BRIEF DESCRIPTION OF THE DRAWINGS
[0021] The following drawings form part of the present
specification and are included to further demonstrate certain
aspects of the present invention. The invention may be better
understood by reference to one or more of these drawings in
combination with the detailed description of specific embodiments
presented herein.
[0022] FIG. 1 depicts the inhibitory effects of orally administered
insoluble, granular Menefee Humate.RTM. on carrageenan-induced
edema in rats. Percent inhibition reflects inhibition of swelling
in an edemic paw as compared to a non-edemic paw. Solution
percentages represent weight percentage of humate in powder
suspension with feed mix.
[0023] FIG. 2 depicts the inhibitory effects of orally administered
insoluble, granular Menefee Humate.RTM., indomethacin, and Menefee
Humate.RTM. plus indomethacin on carrageenan-induced edema in rats.
Percent inhibition reflects swelling in an edemic paw as compared
to a non-edemic paw. Solution percentages represent weight
percentage of humate in powder suspension with feed mix.
[0024] FIG. 3 depicts the anti-inflammatory effects of orally
administered insoluble, granular Menefee Humate.RTM. on
adjuvant-induced arthritis in rats. All results are from rats which
had received humate for 15 days. Solution percentages represent
weight percentage of humate in powder suspension with feed mix.
FIG. 3a depicts the effect of Menefee Humate.RTM. on % change in
arthrogram score after 15 days of humate administration. FIG. 3b
depicts the % change effect of Menefee Humate.RTM. on right hind
paw volume after 15 days of administration. FIG. 3c depicts the %
change effect of Menefee Humate.RTM. on left hind paw volume after
15 days of administration.
[0025] FIG. 4 depicts the anti-inflammatory effects of orally
administered insoluble, granular Menefee Humate.RTM. on
adjuvant-induced arthritis in rats. All results are from rats which
had received humate for 21 days. Solution percentages represent
weight percentage of humate in powder suspension with feed mix.
FIG. 4a depicts the effect of Menefee Humate.RTM. on arthrogram
score after 21 days of humate administration. FIG. 4b depicts the
effect of Menefee Humate.RTM. on right hind paw volume in mm of Hg
displaced after 21 days of administration. FIG. 4c depicts the
effect of Menefee Humate.RTM. on left hind paw volume in mm Hg
displaced after 21 days of administration.
DETAILED DESCRIPTION OF THE INVENTION
[0026] The present invention relates to anti-inflammatory
compositions including humate, which may also contain or be
co-administered with at least one other anti-inflammatory agent.
The invention also includes methods of administering such
compositions to animals, including humans, with inflammation.
[0027] The humate may be administered in a soluble form or in a
granular, insoluble form or in other forms.
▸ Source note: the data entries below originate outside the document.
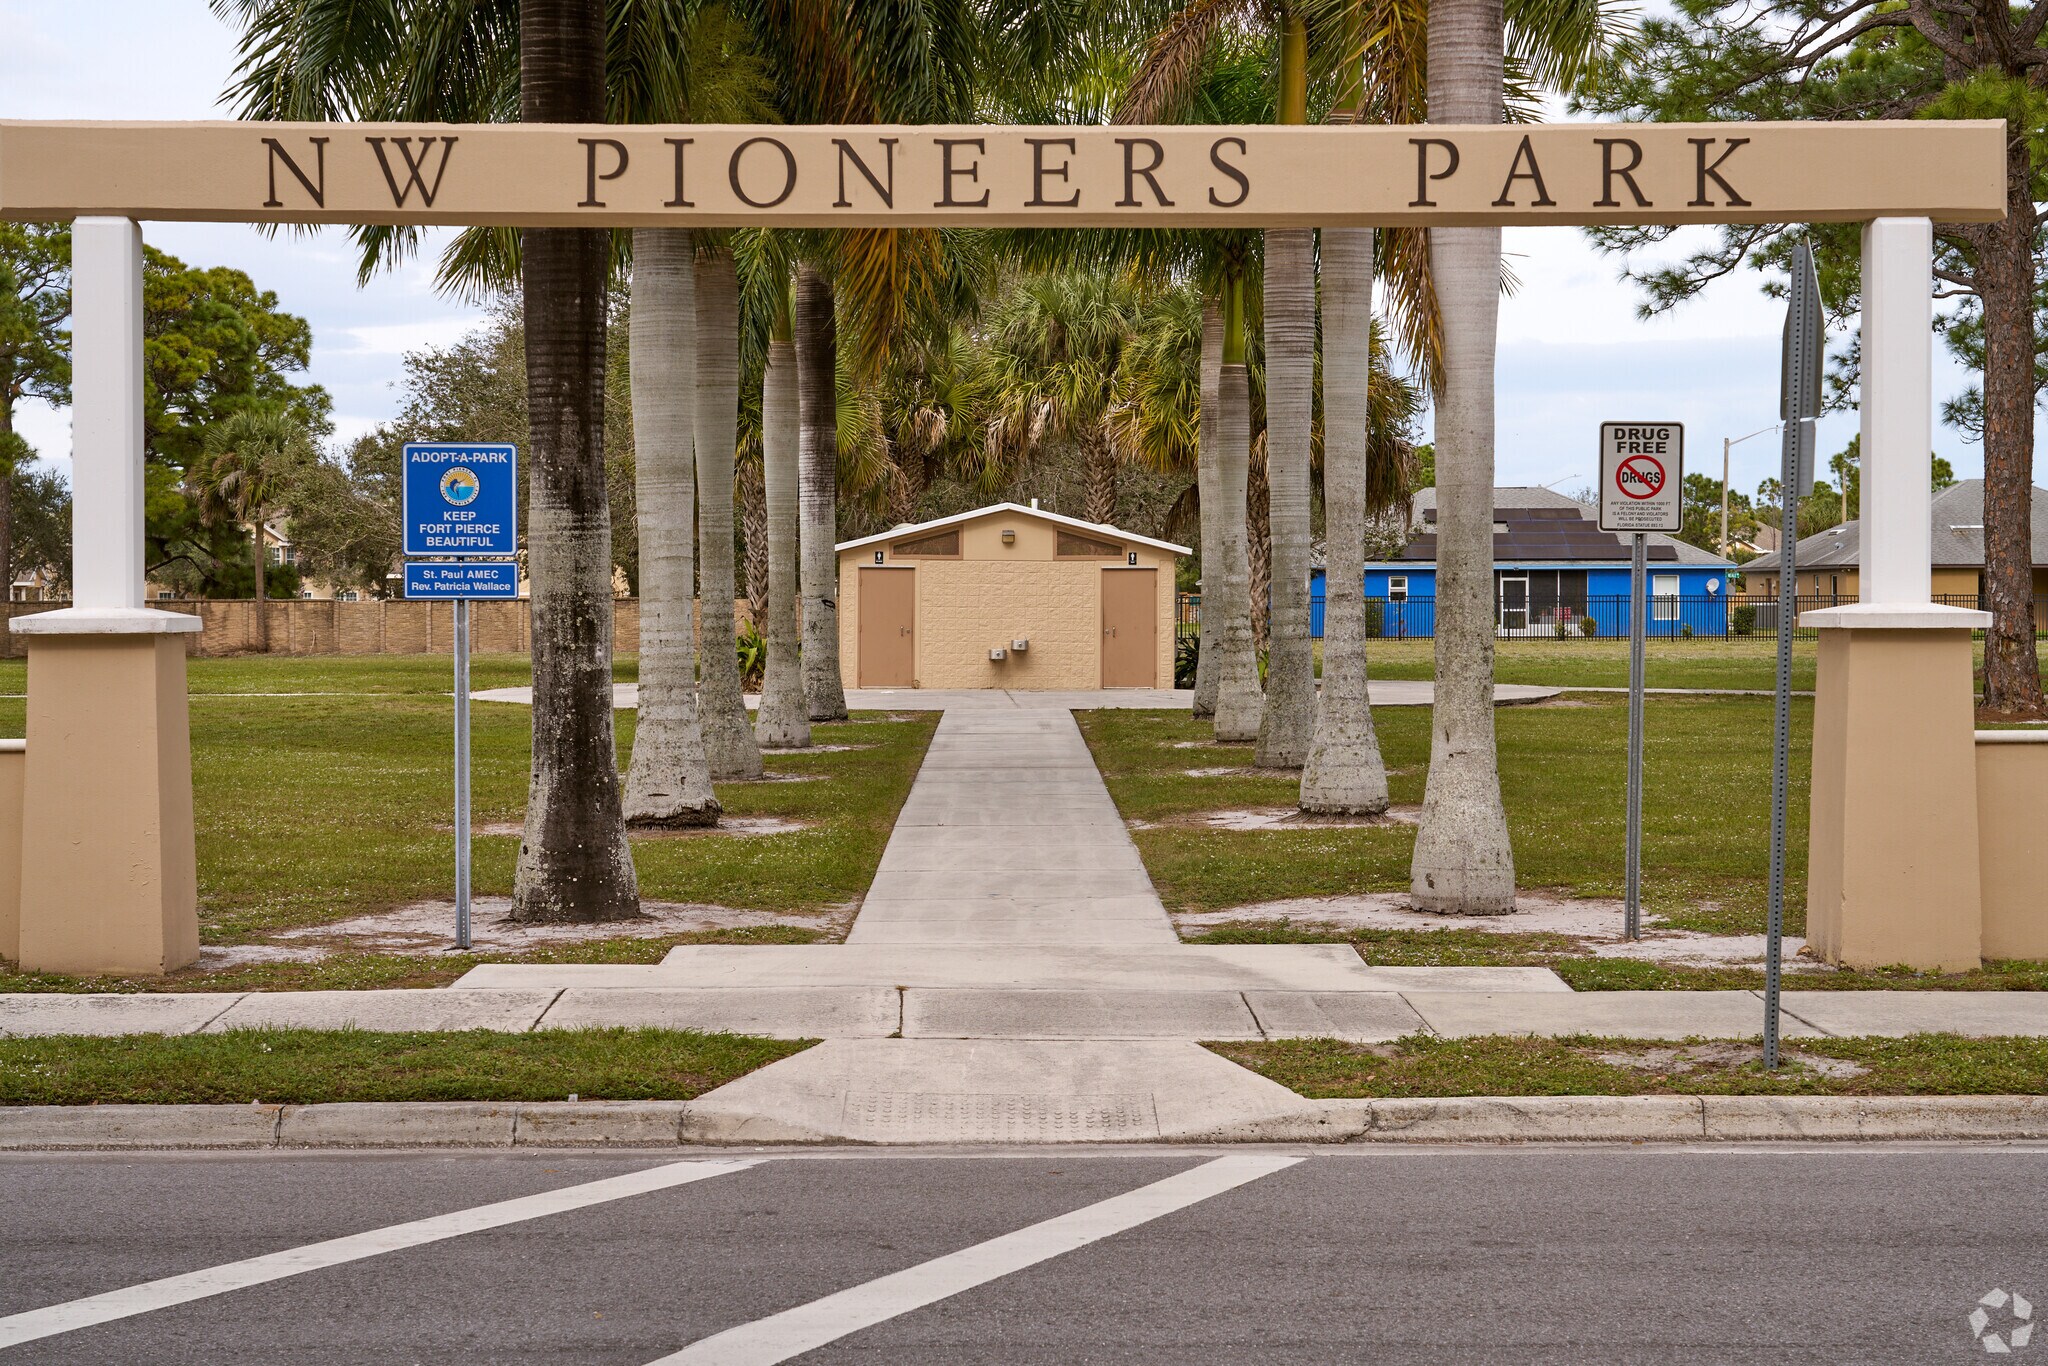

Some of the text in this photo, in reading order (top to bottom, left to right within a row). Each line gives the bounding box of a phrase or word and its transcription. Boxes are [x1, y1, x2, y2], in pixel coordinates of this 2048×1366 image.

[261, 134, 1752, 208] NW PIONEERS PARK
[1614, 428, 1670, 440] DRUG
[1616, 441, 1667, 454] FREE
[411, 452, 508, 463] ADOPT-A-PARK
[443, 511, 477, 521] KEEP
[419, 524, 500, 534] FORT PIERCE
[426, 537, 494, 547] BEAUTIFUL
[423, 570, 499, 579] St. Paul AMEC
[411, 582, 511, 591] Rev. Patricia Wallace
In an exemplary
embodiment, granular, insoluble or soluble Menefee Humate.RTM. is
used. The mode of administration will depend upon the form of
humate, with soluble humate preferred for intravenous(IV),
intramuscular(IM) or other types of injection. Soluble humate may
also be used for oral ingestion or topical application, however,
insoluble, granular humate or other insoluble humate is also
suitable for these purposes. The humate may be administered to an
area of inflammation through injection or in topical applications.
Orally administered humate may be suitable to treat inflammation
anywhere in the body.
[0028] Humate may also be combined with at least one other
anti-inflammatory agent. Such combination may be effected by
preparing a composition containing both humate and at least one
other anti-inflammatory agent or by co-administering separate
compositions, for example, one containing humate and another or
others containing at least one other anti-inflammatory agent. In an
exemplary embodiment, if the humate and anti-inflammatory agent or
agents are in separate compositions, administration is
approximately contemporaneous. In another embodiment, humate is
administered on a regular basis, such as daily, while the
anti-inflammatory agent or agents are administered periodically,
for example to treat or prevent increased inflammation.
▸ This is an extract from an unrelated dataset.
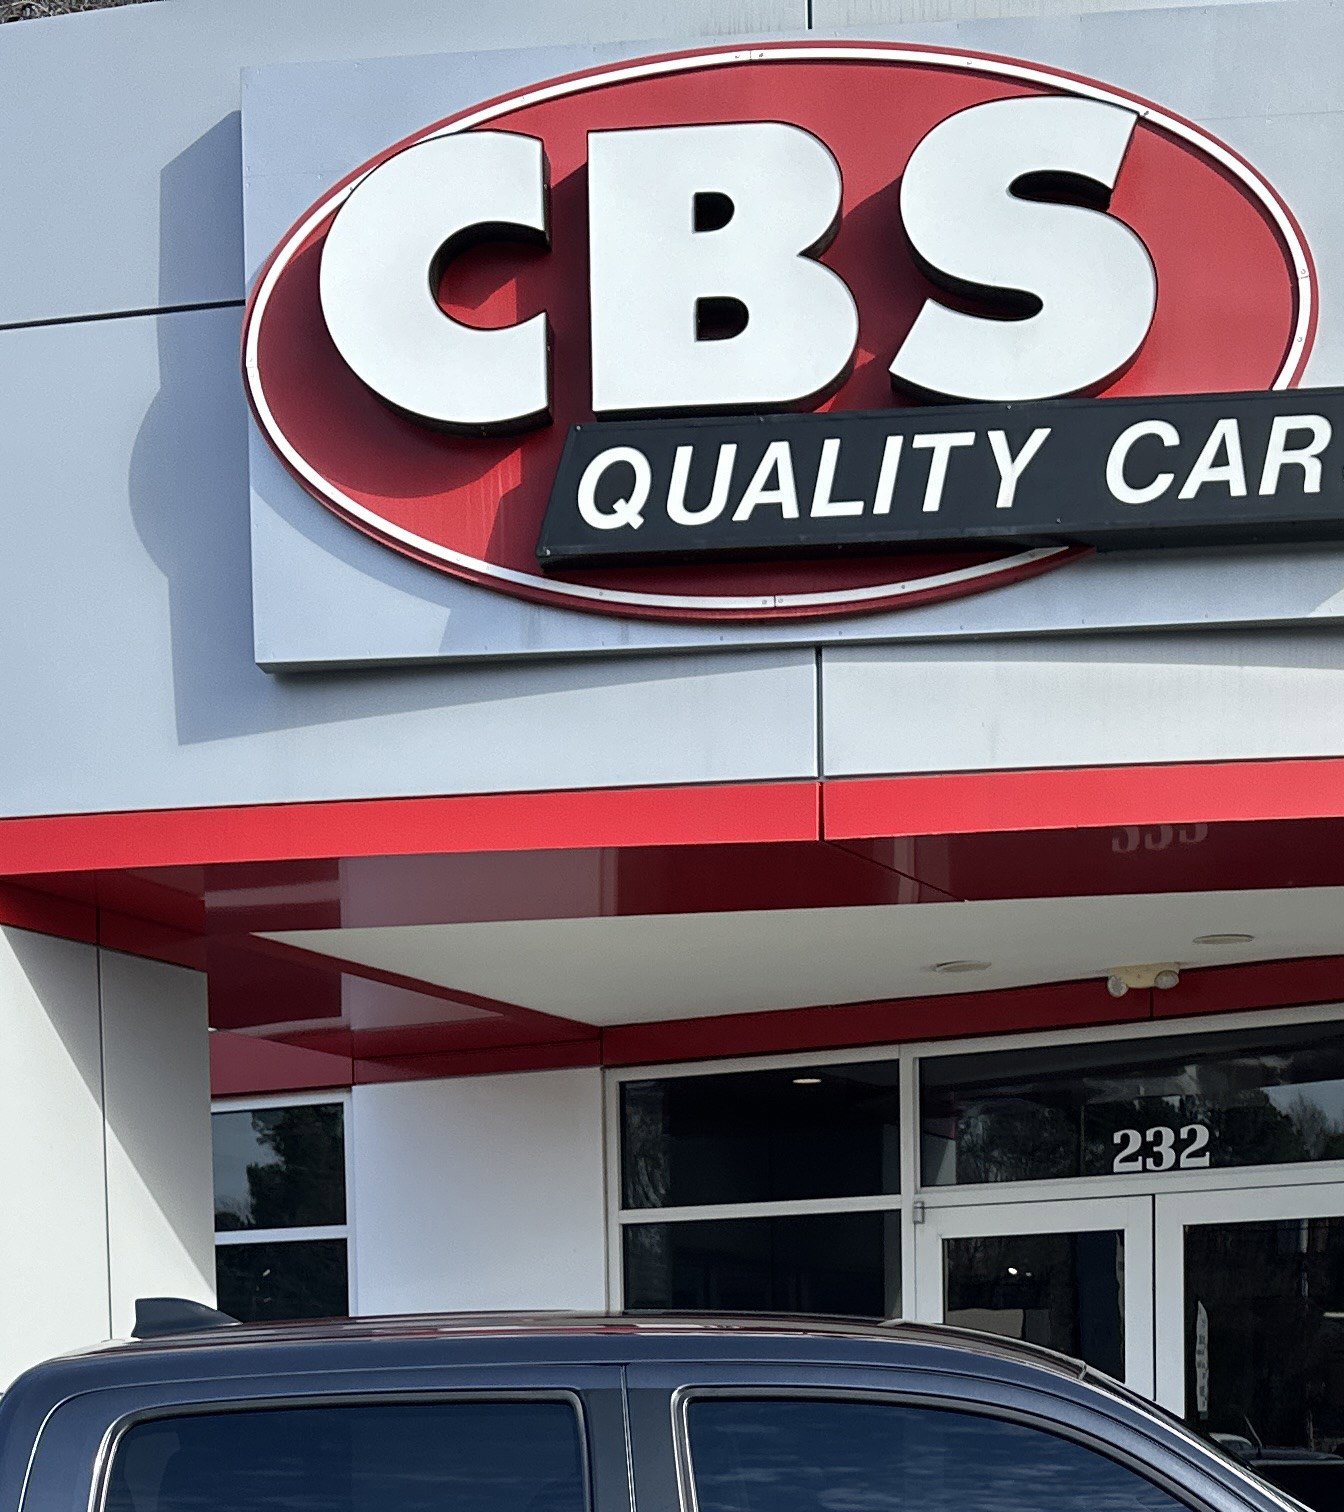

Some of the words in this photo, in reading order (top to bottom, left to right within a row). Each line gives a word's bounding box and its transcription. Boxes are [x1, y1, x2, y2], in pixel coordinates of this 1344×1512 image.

[320, 94, 1159, 430] CBS
[576, 427, 1052, 531] QUALITY
[1112, 1124, 1210, 1173] 232
[0029] All compositions of the present invention may be prepared in
a pharmaceutically acceptable carrier. Different carriers may be
required depending upon the solubility of the humate selected. The
selection of an appropriate carrier will be apparent to one skilled
in the art. It is known in the art that pH of the solution affects
the solubility of humate and its constituent parts, such as certain
humic acids.
[0030] The following examples are included to demonstrate preferred
embodiments of the invention. It should be appreciated by those of
skill in the art that the techniques disclosed in the examples
which follow represent techniques discovered by the inventor to
function well in the practice of the invention, and thus can be
considered to constitute preferred modes for its practice. However,
those of skill in the art should, in light of the present
disclosure, appreciate that many changes can be made in the
specific embodiments which are disclosed and still obtain a like or
similar result without departing from the spirit and scope of the
invention.
EXAMPLES
Example 1-Composition of Menefee Humate.RTM.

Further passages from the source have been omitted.